In microscopic findings, overlying gastric mucosa was nearly disappeared and the surface was replaced by exposed submucosal tissue with ulceration and inflammation. The submucosal tissue was composed of many irregular blood vessels, loose connective tissues, and adipose cells that are consistent with FVP (Fig. 3). After the surgery, the patient has been followed up on an outpatient basis until now for about 1 year without any evidence of gastrointestinal bleeding and antral stricture on endoscopy.
DISCUSSION
About 25% of esophageal cases could be missed because of its normal, intact squamous epithelium lining the polyp, especially when the examiner rapidly withdraws the endoscope.

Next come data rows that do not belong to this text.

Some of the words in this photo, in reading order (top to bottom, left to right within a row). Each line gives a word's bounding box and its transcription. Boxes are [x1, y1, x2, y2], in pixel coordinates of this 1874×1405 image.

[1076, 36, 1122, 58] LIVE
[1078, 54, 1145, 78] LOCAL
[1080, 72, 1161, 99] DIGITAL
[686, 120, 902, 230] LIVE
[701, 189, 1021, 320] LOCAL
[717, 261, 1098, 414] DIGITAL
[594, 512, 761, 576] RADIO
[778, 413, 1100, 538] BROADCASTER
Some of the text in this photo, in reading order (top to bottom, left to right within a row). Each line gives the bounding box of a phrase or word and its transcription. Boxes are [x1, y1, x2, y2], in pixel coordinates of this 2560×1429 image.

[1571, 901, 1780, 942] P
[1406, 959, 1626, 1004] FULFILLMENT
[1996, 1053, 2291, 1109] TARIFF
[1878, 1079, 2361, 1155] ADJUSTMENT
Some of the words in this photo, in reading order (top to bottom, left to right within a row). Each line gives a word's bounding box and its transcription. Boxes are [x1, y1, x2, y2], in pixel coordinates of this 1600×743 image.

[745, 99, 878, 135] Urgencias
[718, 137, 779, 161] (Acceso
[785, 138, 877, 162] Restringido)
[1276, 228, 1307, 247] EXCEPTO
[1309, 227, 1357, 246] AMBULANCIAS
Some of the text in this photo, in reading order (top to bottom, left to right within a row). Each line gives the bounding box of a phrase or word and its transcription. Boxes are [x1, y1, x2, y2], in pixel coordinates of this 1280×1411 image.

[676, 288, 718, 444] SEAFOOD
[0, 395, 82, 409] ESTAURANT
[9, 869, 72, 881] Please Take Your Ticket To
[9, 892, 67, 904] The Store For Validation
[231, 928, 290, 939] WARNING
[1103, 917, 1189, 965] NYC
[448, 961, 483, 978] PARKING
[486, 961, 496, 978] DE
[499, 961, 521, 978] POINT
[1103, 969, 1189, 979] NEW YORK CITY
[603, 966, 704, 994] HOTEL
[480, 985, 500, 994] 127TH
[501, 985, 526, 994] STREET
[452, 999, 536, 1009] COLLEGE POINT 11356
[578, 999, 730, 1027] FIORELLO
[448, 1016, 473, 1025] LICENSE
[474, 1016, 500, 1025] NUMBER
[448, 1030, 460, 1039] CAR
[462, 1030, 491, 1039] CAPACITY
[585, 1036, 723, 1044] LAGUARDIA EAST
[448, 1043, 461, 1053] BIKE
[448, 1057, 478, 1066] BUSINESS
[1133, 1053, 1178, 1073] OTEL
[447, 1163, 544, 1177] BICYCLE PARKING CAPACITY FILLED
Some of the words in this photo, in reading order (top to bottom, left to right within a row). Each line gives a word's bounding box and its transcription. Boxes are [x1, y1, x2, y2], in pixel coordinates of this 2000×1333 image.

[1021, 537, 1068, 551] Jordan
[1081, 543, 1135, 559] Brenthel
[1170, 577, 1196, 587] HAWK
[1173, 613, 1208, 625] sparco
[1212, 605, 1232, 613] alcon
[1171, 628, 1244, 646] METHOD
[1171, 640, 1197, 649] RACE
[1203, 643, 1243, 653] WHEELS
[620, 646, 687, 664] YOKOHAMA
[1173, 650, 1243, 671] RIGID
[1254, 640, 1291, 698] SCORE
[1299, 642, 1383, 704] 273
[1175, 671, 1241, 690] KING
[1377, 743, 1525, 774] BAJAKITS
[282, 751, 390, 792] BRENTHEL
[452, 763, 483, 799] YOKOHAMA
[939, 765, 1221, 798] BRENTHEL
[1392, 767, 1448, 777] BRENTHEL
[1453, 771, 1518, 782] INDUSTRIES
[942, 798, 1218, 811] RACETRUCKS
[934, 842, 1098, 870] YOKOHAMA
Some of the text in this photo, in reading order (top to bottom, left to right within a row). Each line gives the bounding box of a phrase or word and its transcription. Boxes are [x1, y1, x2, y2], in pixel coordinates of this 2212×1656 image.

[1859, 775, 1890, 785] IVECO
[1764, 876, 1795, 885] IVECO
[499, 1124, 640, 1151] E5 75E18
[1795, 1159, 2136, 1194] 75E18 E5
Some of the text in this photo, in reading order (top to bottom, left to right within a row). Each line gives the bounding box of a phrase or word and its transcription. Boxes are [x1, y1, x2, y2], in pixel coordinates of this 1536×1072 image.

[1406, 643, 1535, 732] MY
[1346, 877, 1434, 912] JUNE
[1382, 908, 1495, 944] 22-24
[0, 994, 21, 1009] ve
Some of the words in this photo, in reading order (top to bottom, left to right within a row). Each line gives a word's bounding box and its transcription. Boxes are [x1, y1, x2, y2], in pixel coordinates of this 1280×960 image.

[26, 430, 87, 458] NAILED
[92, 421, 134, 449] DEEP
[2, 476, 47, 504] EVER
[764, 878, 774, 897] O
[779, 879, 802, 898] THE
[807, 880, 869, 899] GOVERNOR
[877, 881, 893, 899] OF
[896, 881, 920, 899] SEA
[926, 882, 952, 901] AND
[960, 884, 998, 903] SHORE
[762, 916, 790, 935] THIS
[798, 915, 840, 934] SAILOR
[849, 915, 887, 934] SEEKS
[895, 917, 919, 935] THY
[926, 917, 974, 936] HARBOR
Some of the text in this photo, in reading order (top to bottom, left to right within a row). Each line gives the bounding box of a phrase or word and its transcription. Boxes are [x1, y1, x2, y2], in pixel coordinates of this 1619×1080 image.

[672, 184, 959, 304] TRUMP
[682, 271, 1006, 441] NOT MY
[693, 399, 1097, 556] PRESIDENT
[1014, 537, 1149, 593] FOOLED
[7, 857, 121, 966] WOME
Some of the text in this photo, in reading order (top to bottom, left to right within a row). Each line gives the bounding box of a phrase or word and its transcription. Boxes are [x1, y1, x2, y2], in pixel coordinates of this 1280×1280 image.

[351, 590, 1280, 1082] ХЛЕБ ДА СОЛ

Compared to esophageal lesions, gastric submucosal lesions, such as a large pedunculated type like the one in our case, could be clearly seen on endoscopic exam, regardless of the location.2,6 Similarly, in this case, gastrointestinal bleeding was reported in the case of esophageal ulcerated FVP.2 The symptoms of esophageal FVP usually develop when polyp reaches a large size enough to cause dysphagia, substernal discomfort, sensation of mass, and even asphyxiation.1,2,7 In this case, acute blood loss leading to anemia was caused by the ulceration with increased vascularity of large gastric FVP, which was managed surgically due to the risk of constant bleeding.3
FVP is a very rare, slowly growing, malignant transformation, but malignant change has been reported in esophageal polyps.2,3 It is usually presented as a solitary mass, but a case of two synchronous FVP of the hypopharynx has been reported.3
Diagnosis of FVP can be made by a combination of clinical history and various investigations including barium swallow examination, endoscopy, endoscopic ultrasound, CT, and magnetic resonance imaging (MRI).2,8 The differential diagnoses of benign esophageal polyp include leiomyoma, squamous papilloma, and hemangioma.9
The histology of the FVP consists of a mixture of fibrous tissue, adipose tissue, and vascular structures. The proportions of these three components of FVP may vary depending on the lesion and area within the same lesion.10 Various terminologies of FVP, such as fibroepithelial polyp, fibrolipoma, fibromyxoma, lipoma, and fibroma, are all now collectively classified as FVP by World Health Organisation.2
The treatment of choice for FVP is surgical resection. Small polyps less than 2 cm in diameter with a thin pedicle can be removed by endoscopic ligation and electrocoagulation, but care must be taken to ensure that the prominent vessels in the stalk are completely ligated and coagulated.1,2,8 EUS can be a useful adjunct as it provides information on the origin of the stalk and vascularity of the polyp.2 CT and MRI can demonstrate the predominant adipose tissue contents, with respect to fibrovascular tissue, and in such a case, endoscopic treatment may be preferred, especially in older patients with multiple comorbidities.3 A polyp of a diameter of less than 5 cm and no lymph node involvement on abdominal imaging like the one in this case could be an indication for laparoscopic wedge resection, which was performed in our patient.11,12 Although metastasis has never been reported from the polyp, recurrence of resected FVP of the esophagus has been reported, most probably due to incomplete excision of the stalk and residual tissue around the pedicle's base.2,7
In summary, we reported the first case of large gastric FVP presenting with melena. Although recurrent bleeding occurred after endoscopic coagulation and intensive intravenous PPI treatment, the bleeding could be controlled successfully with laparoscopic wedge resection.